I have seen many many older lacquered trumpets, cornets, and flugelhorns, in various conditions. The nitrocellulose lacquer finish has properties which lead to specific results as the instrument ages. It is a known fact that clear nitrocellulose lacquer yellows over time; how long it takes to yellow (or "Amber" as the Gibson company calls it) depends on many factors, including exposure to oxygen, exposure to light, and the types of solvents used when it was applied. It happens to (previously) white drums and guitars, brass instruments, and of course, furniture. Note the references to "yellow" in this following quote from Tauton discussing acrylic vs nitrocellulose lacquer:
Acrylic-modified lacquer is made from a mixture of a nonyellowing cellulose resin (called cellulose acetate butyrate, or CAB) and acrylic. This lacquer possesses the same general properties of nitrocellulose lacquer, except it is absolutely water-white, meaning it will not show as an amber color when applied over light-colored woods. Also, the finish won't turn yellow over time. (From The Tauton Press page on selecting a finish.)
It is most likely that during the manufacturing process, lacquer (nitrocellulose, acrylic, urethane, or epoxy) is applied to brass instruments in a single layer due to the issue of "biting." (When a coat of nitrocellulose lacquer material is applied over another coat of lacquer or similar finishing material, the solvents in the top coat partially dissolve or "bite" into the bottom coat. (definition source:Glossary from Clover Dale Paint, a paint and lacquer provider since 1933.) For wooden instruments, like guitars and drums, multiple coats are applied - with extensive drying and curing time between coats; but brass and nickel are not as porous as wood, and the lacquer may lift and wrinkle with subsequent coats.
The finishing material Nitrocellulose Lacquer is made of nitrocellulose combined
with other resins (to promote flexibility, durability, etc.) dissolved in lacquer thinner solvent.
The lacquer film forms and cures as the solvent evaporates. Lacquer thinner is a volatile, “hot”,
solvent containing a combination of hydrocarbon and chemical solvents - including naphtha, xylene, toluene,
acetone, various ketones, and others. This strong solvent base is lacquer’s best advantage
and primary disadvantage.
For finishing wood instrument and furniture, shellac was used throughout the 19th and into the 20th century. It provides excellent water vapor protection, is fairly simple to repair, and is safe enough that it is approved by the FDA for use on medication. Lacquer came out in the 1920's and has been very popular ever since. Nitrocellulose Lacquer provides "good" water vapor protection and overall durability, although they are prone to cracking and yellowing. (bold exphasis added by me - source: Greg Gaylord, Drum maker.)

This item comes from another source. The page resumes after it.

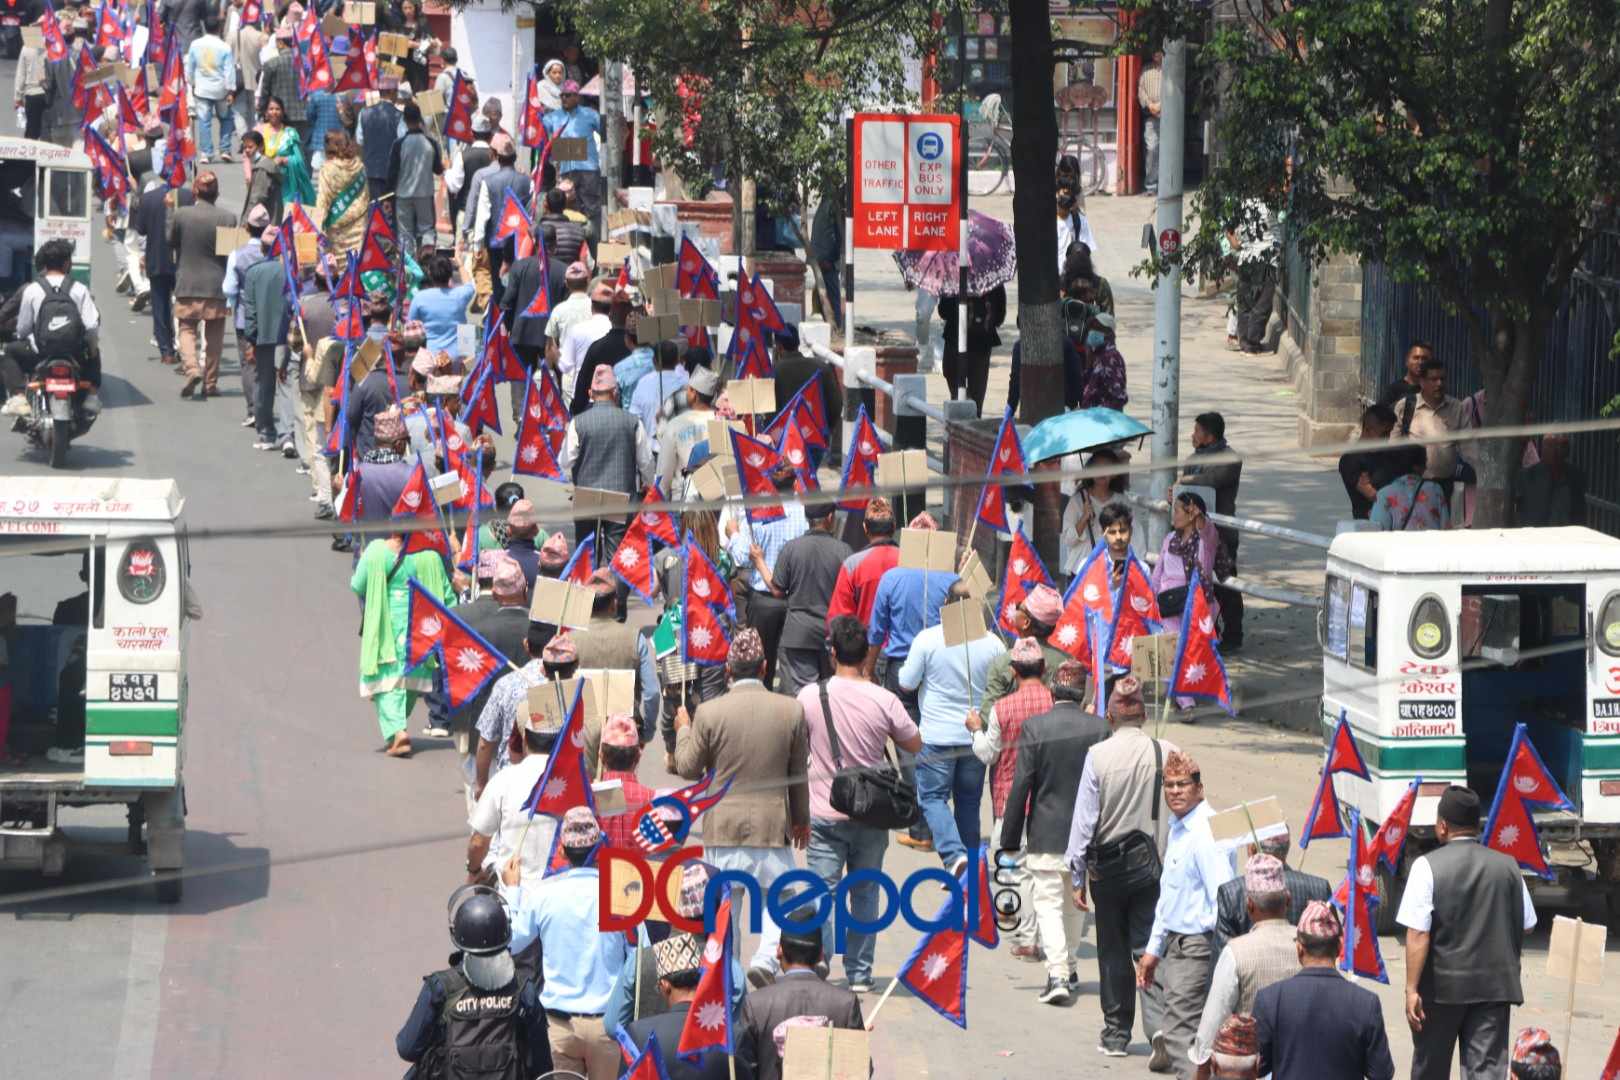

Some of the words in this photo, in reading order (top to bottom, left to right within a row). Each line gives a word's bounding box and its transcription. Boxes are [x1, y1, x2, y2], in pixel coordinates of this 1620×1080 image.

The difference between "excellent" and "good" water vapor protection is significant. A finish with only "good" water vapor protection WILL allow metal oxidation to occur. This is why brass and copper will develop a patina beneath nitrocellulose lacquer rather quickly, and why "rose colored" metal doesn't look "rose colored" on an older horn. They were on the day they were lacquered, but within a relatively short period of time (a few days to a few months, depending on the factors listed above) the oxidation patina began. It is interesting to note that examples of early instrument warranties from major manufacturers only guaranteed the lacquered finish for 90 days or at most 1 year. Currently, Yamaha (a contemporary major manufacturer) guarantees their baked epoxy lacquer finish for 3, 5, or 7 years, depending on whether it is a standard, intermediate, or professional model.)

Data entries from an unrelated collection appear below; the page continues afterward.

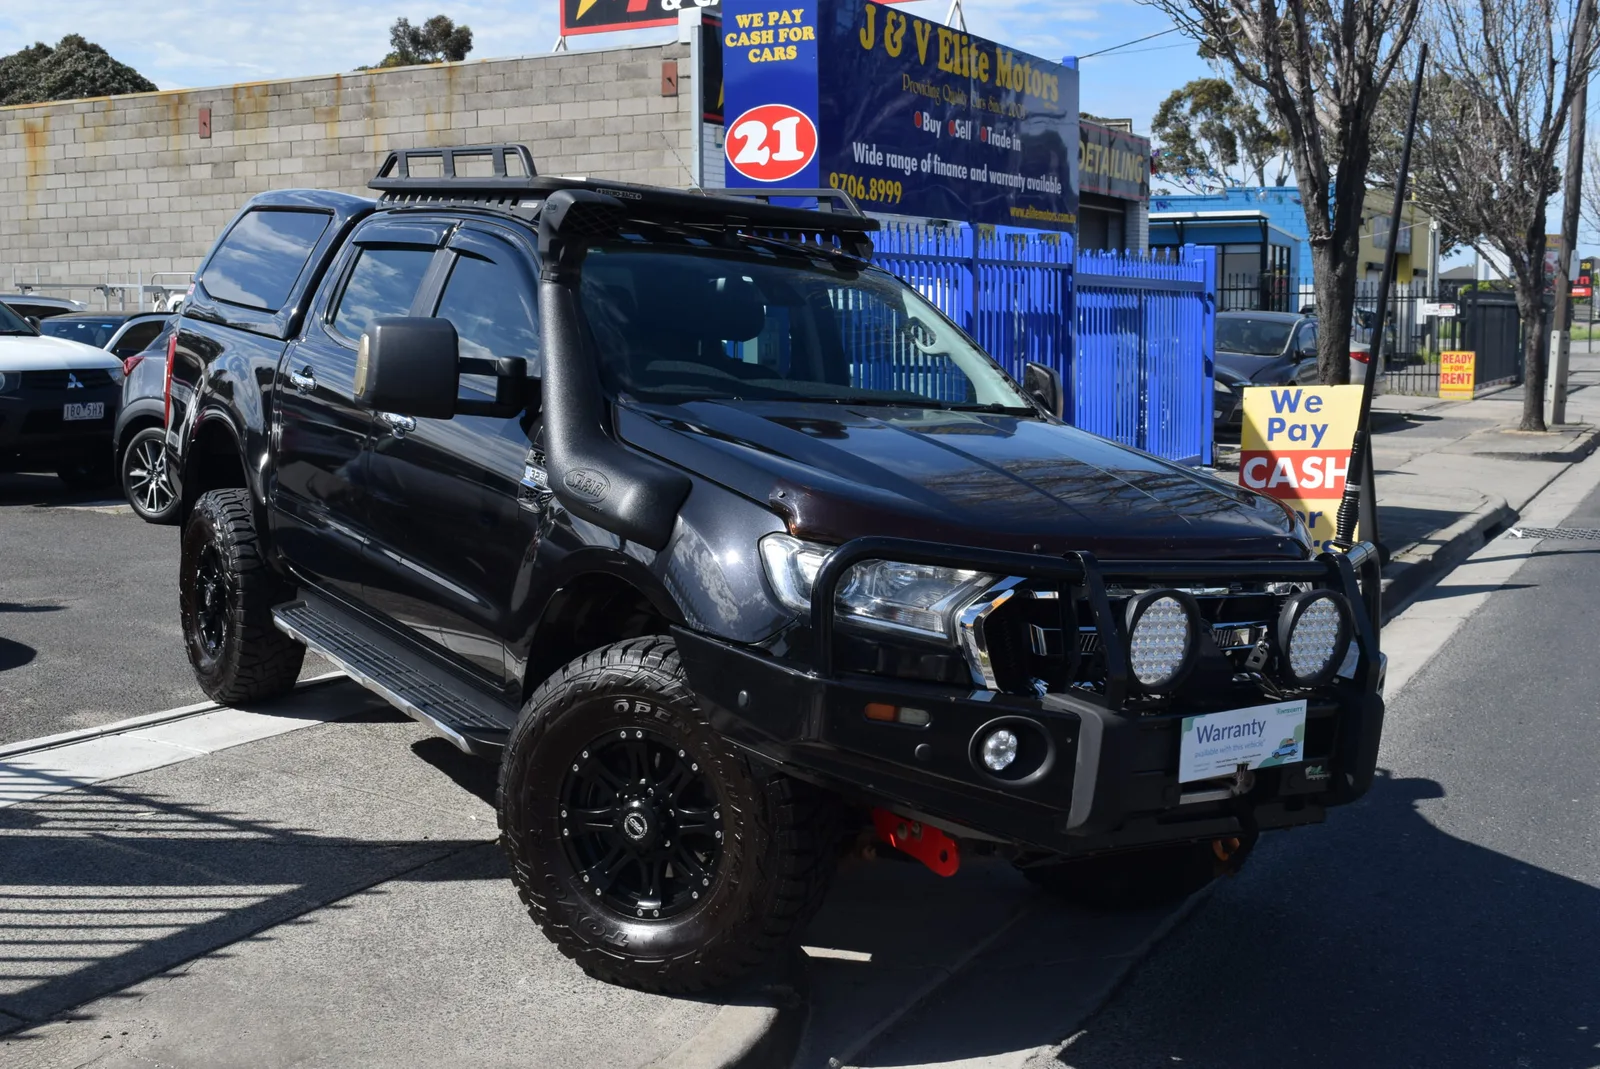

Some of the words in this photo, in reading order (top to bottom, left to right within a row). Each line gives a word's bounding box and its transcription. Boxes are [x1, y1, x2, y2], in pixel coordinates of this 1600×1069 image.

[735, 13, 764, 28] WE
[767, 9, 804, 26] PAY
[725, 30, 775, 47] CASH
[778, 26, 815, 43] FOR
[748, 45, 797, 63] CARS
[859, 4, 876, 50] J
[884, 10, 907, 57] &
[913, 20, 931, 66] V
[937, 27, 990, 83] Elite
[995, 47, 1059, 103] Motors
[734, 116, 804, 166] 21
[923, 111, 942, 138] Buy
[955, 119, 971, 140] Sell
[987, 126, 1011, 149] Trade
[1012, 134, 1021, 151] in
[852, 142, 883, 166] Wide
[886, 153, 918, 176] range
[920, 153, 932, 173] of
[933, 154, 967, 179] finance
[970, 164, 987, 182] and
[989, 170, 1026, 193] warranty
[1026, 174, 1062, 195] available
[829, 172, 902, 204] 9706.8999
[1441, 354, 1473, 364] READY
[1440, 373, 1471, 385] RENT
[1270, 389, 1323, 413] We
[1267, 418, 1329, 448] Pay
[1243, 456, 1350, 489] CASH
[613, 699, 692, 734] OPEN
[1196, 718, 1266, 744] Warranty

For some collectors, there is a certain appeal to the old aged finish which appears on excellent examples of original condition instruments. The unique appearance comes from a combination of the lacquer yellowing and the underlying metal oxidizing. There is no way to accurately replicate this look when refinishing an instrument. I feel that for players, having the instrument completely rebuilt and refinished is a gain, and as long as this has been done carefully and correctly, I feel it increases the value of an instrument. Instruments which have been poorly reconditioned are devalued.
If the original patina beneath yellowed lacquer finish is desired, the surface of these instruments should be left alone. Things like the valves or slides can still be serviced, and the value of the instrument will increase, since it will now function correctly.

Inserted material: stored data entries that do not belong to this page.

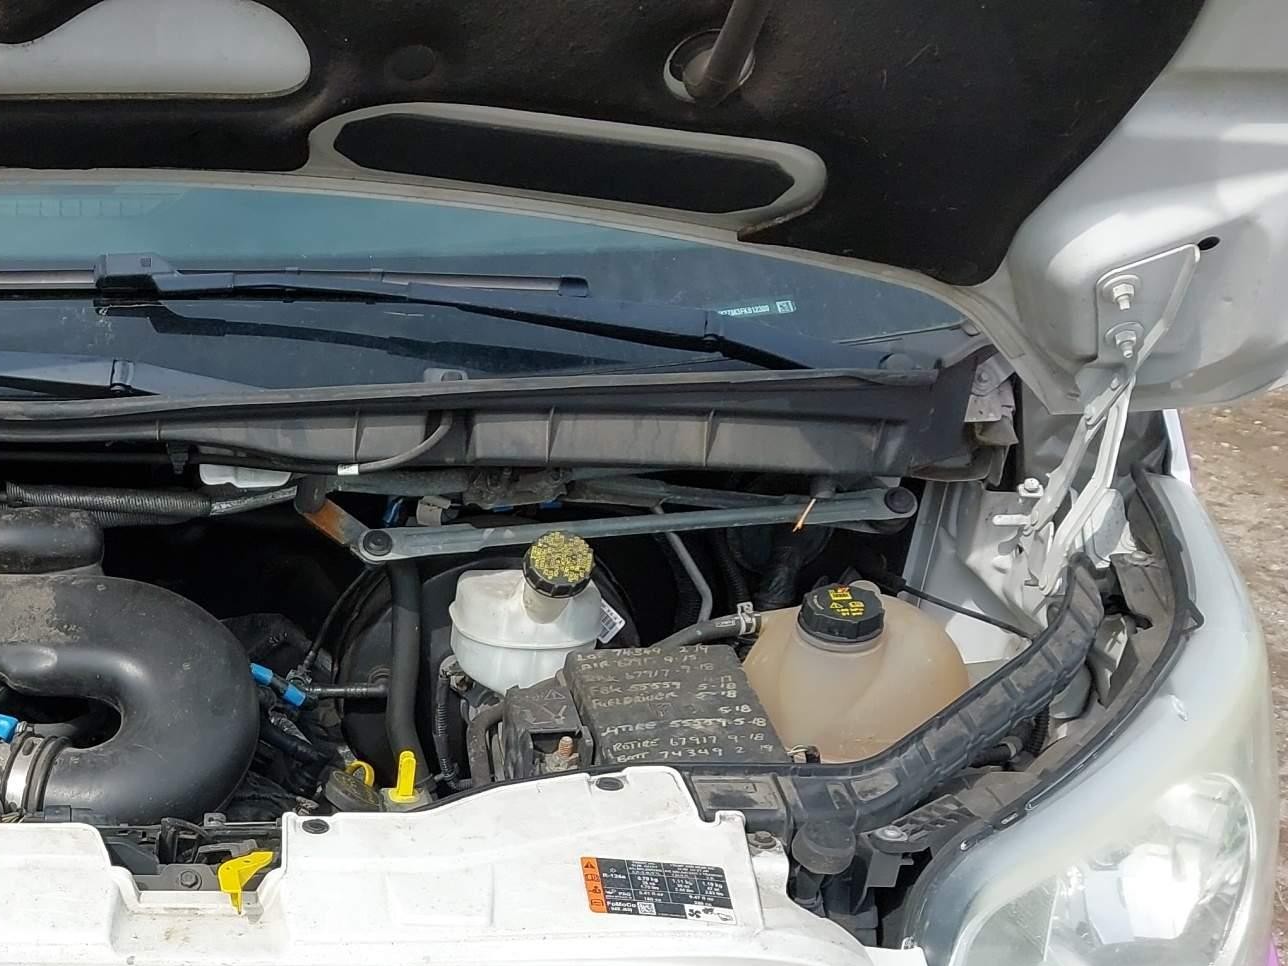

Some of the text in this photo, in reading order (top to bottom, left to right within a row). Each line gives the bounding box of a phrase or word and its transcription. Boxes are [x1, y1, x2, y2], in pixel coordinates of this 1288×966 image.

[670, 735, 718, 746] 67917
[727, 733, 765, 743] 9-18
[659, 747, 724, 760] 74349
[734, 746, 745, 754] 2
[606, 901, 637, 909] FoMoCo

My opinion is that the higher value in the marketplace and greater desirability of instruments in original lacquer w/metal patina showing beneath the lacquer is because it shows that the instrument has never had significant damage or been over-buffed by an underqualified technician attempting to refinish the instrument.
Instruments purchased in this condition provide an excellent starting place for achieving a like-new or better-than-new vintage instrument, in finish and function.